## Assignment
Produce a word-for-word copy of the listing below without its pictures.

## Supplied material
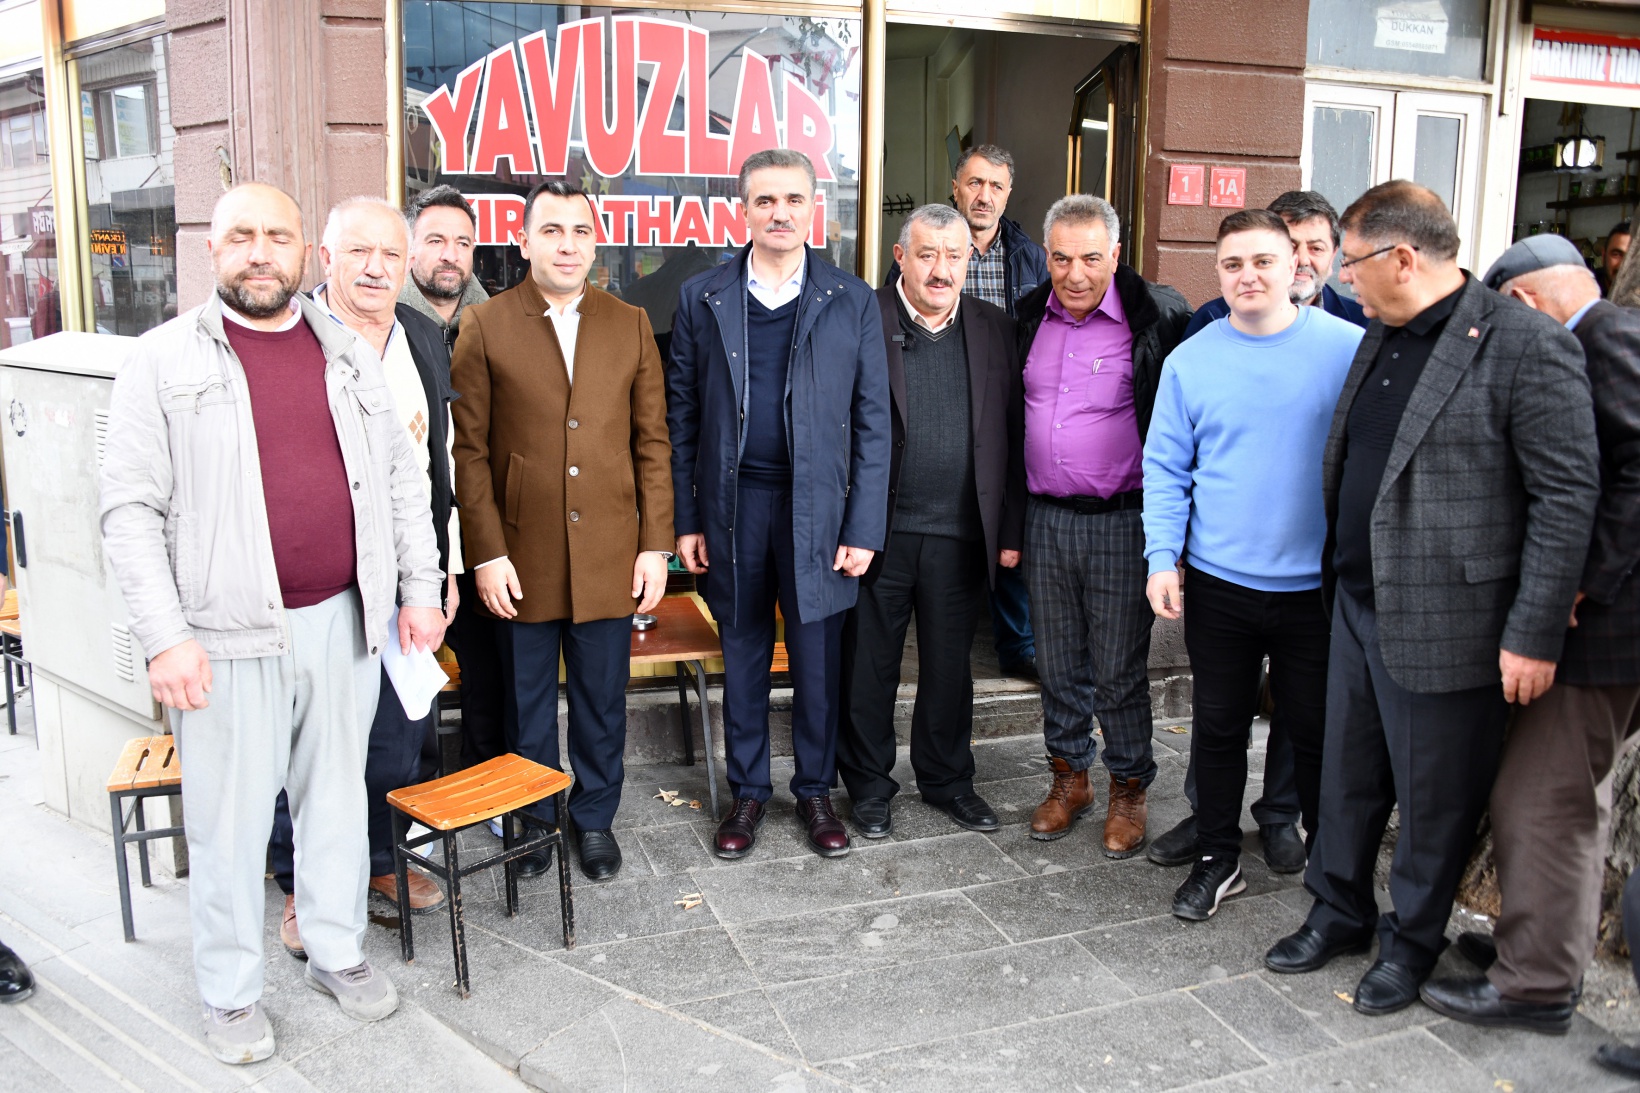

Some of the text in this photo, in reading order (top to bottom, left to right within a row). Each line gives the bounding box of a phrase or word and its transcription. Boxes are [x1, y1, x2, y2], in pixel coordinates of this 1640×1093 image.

[1532, 40, 1607, 82] FARKIMIZ
[420, 15, 837, 182] YAVUZLAR
[1182, 176, 1189, 193] 1
[1218, 178, 1238, 196] 1A

## Answer for this exercise
Some of the text in this photo, in reading order (top to bottom, left to right within a row). Each line gives the bounding box of a phrase or word and its transcription. Boxes are [x1, y1, x2, y2], in pixel coordinates of this 1640×1093 image.

[1532, 40, 1607, 82] FARKIMIZ
[420, 15, 837, 182] YAVUZLAR
[1182, 176, 1189, 193] 1
[1218, 178, 1238, 196] 1A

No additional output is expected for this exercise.